Intercollegiate sports teams of University of San Francisco

The San Francisco Dons is the nickname of the athletic teams at the University of San Francisco (USF). The Dons compete in NCAA Division I of the National Collegiate Athletic Association (NCAA) as members of the West Coast Conference (WCC), of which USF is a charter member.

==History==
Athletics at USF dates back to its founding in 1855, when founder Anthony Maraschi, S.J. organized ball games as recreation for the first students. However, intercollegiate competition only dates back to 1907, when then-Saint Ignatius College began playing organized baseball, basketball, and rugby against other local colleges and high schools. Rivalries with neighboring Santa Clara University and Saint Mary's College of California have their origins in this early period.
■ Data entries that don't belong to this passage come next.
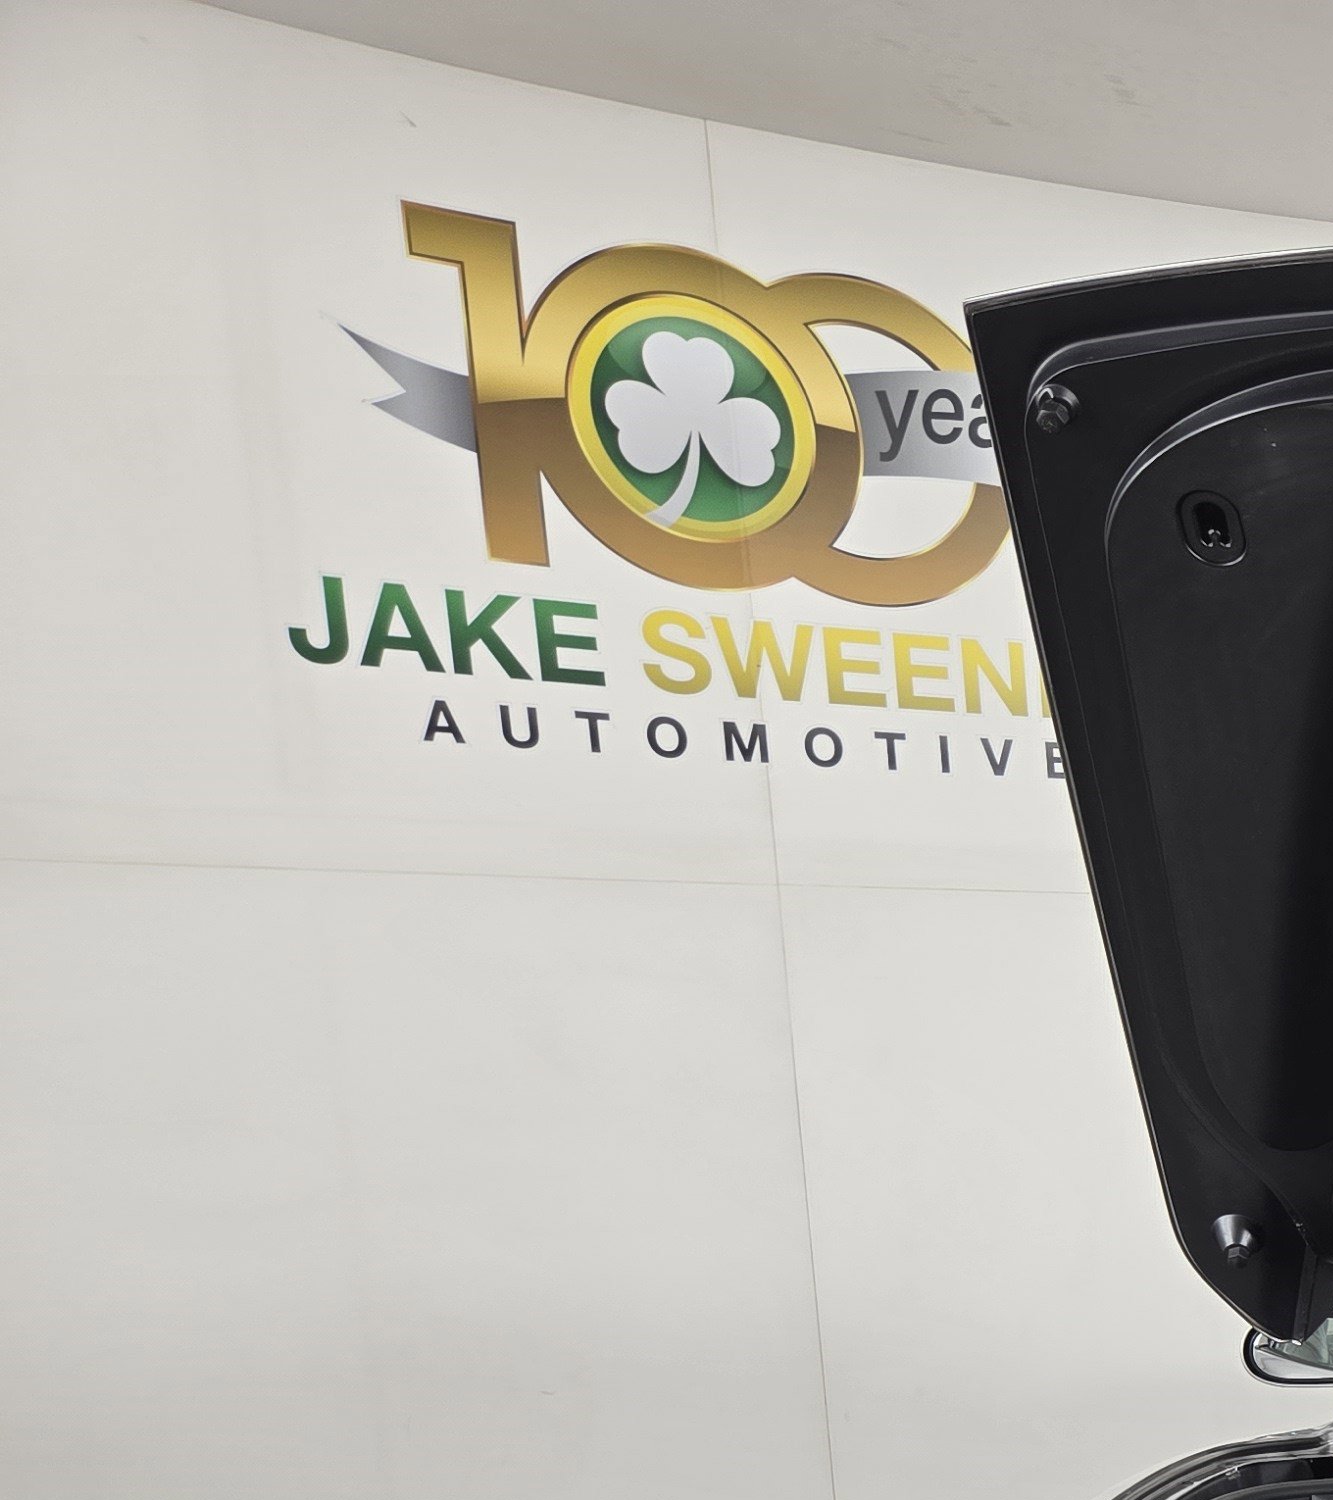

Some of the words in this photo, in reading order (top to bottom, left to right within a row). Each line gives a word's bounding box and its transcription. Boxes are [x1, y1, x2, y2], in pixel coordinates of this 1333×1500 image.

[400, 200, 1010, 608] 100
[875, 389, 992, 462] yea
[288, 575, 607, 688] JAKE
[641, 609, 1053, 719] SWEEN
[422, 700, 1067, 780] AUTOMOTIVE
Teams were originally known as the "Grey Fog", and red and blue were Saint Ignatius College's colors. However, as the college began to develop an identity distinct from the high school—the college became the University of San Francisco in 1930—it adopted green and gold as its colors in 1927 and chose the Don as its mascot in 1932. The old Saint Ignatius High School later became Saint Ignatius College Preparatory and retained the red and blue colors.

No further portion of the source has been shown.